→ Task goal
The lines from the one holding "this 1500×1333 image." to the end of the records below, exactly as written, are the only thing to return.

##### The data

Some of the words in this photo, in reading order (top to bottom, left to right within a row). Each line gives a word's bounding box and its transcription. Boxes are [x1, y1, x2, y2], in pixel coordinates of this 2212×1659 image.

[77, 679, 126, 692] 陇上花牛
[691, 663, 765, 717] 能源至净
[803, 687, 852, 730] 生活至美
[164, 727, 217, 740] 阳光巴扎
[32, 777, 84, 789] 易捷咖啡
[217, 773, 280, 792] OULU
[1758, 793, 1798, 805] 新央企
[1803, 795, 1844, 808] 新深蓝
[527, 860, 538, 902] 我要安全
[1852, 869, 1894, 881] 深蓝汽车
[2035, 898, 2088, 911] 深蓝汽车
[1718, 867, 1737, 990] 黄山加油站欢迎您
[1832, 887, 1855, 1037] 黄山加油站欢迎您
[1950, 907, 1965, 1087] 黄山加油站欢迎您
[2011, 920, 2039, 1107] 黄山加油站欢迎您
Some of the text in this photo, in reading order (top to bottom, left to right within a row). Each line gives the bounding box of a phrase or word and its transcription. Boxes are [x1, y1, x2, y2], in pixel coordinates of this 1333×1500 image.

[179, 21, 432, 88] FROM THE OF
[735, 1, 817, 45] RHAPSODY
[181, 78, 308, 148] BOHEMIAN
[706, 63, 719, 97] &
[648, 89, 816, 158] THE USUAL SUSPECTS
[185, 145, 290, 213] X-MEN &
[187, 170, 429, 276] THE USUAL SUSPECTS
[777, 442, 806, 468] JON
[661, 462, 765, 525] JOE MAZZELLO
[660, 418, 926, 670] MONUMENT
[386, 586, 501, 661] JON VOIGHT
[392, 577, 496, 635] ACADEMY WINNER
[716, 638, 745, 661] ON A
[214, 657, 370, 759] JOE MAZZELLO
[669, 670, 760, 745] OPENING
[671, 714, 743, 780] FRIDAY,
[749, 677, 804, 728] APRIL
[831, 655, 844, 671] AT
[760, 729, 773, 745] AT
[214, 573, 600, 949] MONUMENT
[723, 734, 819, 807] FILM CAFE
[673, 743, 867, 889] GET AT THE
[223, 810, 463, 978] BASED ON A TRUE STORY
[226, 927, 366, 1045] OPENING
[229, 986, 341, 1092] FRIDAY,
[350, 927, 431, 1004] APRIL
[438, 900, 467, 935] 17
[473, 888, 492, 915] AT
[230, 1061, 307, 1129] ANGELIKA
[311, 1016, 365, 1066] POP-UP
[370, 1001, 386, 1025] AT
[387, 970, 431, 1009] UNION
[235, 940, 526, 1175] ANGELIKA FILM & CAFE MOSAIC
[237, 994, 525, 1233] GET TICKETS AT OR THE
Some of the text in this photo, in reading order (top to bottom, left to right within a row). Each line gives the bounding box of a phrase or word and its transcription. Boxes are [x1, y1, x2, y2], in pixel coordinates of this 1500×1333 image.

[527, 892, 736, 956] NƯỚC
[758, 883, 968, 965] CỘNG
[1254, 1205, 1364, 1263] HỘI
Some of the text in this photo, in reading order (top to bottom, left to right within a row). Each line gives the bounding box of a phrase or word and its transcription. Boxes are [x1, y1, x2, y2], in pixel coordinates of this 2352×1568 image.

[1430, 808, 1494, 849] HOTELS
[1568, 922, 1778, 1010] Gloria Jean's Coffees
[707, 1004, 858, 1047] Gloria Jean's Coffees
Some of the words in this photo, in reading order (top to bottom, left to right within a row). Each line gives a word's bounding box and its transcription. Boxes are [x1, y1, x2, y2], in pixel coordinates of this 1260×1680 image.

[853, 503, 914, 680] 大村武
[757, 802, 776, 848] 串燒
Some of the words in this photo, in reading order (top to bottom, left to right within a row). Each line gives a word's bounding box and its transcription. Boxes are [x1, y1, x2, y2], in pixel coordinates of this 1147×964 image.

##########

→ Expected answer
Some of the text in this photo, in reading order (top to bottom, left to right within a row). Each line gives the bounding box of a phrase or word and its transcription. Boxes are [x1, y1, x2, y2], in pixel coordinates of this 1500×1333 image.

[527, 892, 736, 956] NƯỚC
[758, 883, 968, 965] CỘNG
[1254, 1205, 1364, 1263] HỘI
Some of the text in this photo, in reading order (top to bottom, left to right within a row). Each line gives the bounding box of a phrase or word and its transcription. Boxes are [x1, y1, x2, y2], in pixel coordinates of this 2352×1568 image.

[1430, 808, 1494, 849] HOTELS
[1568, 922, 1778, 1010] Gloria Jean's Coffees
[707, 1004, 858, 1047] Gloria Jean's Coffees
Some of the words in this photo, in reading order (top to bottom, left to right within a row). Each line gives a word's bounding box and its transcription. Boxes are [x1, y1, x2, y2], in pixel coordinates of this 1260×1680 image.

[853, 503, 914, 680] 大村武
[757, 802, 776, 848] 串燒
Some of the words in this photo, in reading order (top to bottom, left to right within a row). Each line gives a word's bounding box and its transcription. Boxes are [x1, y1, x2, y2], in pixel coordinates of this 1147×964 image.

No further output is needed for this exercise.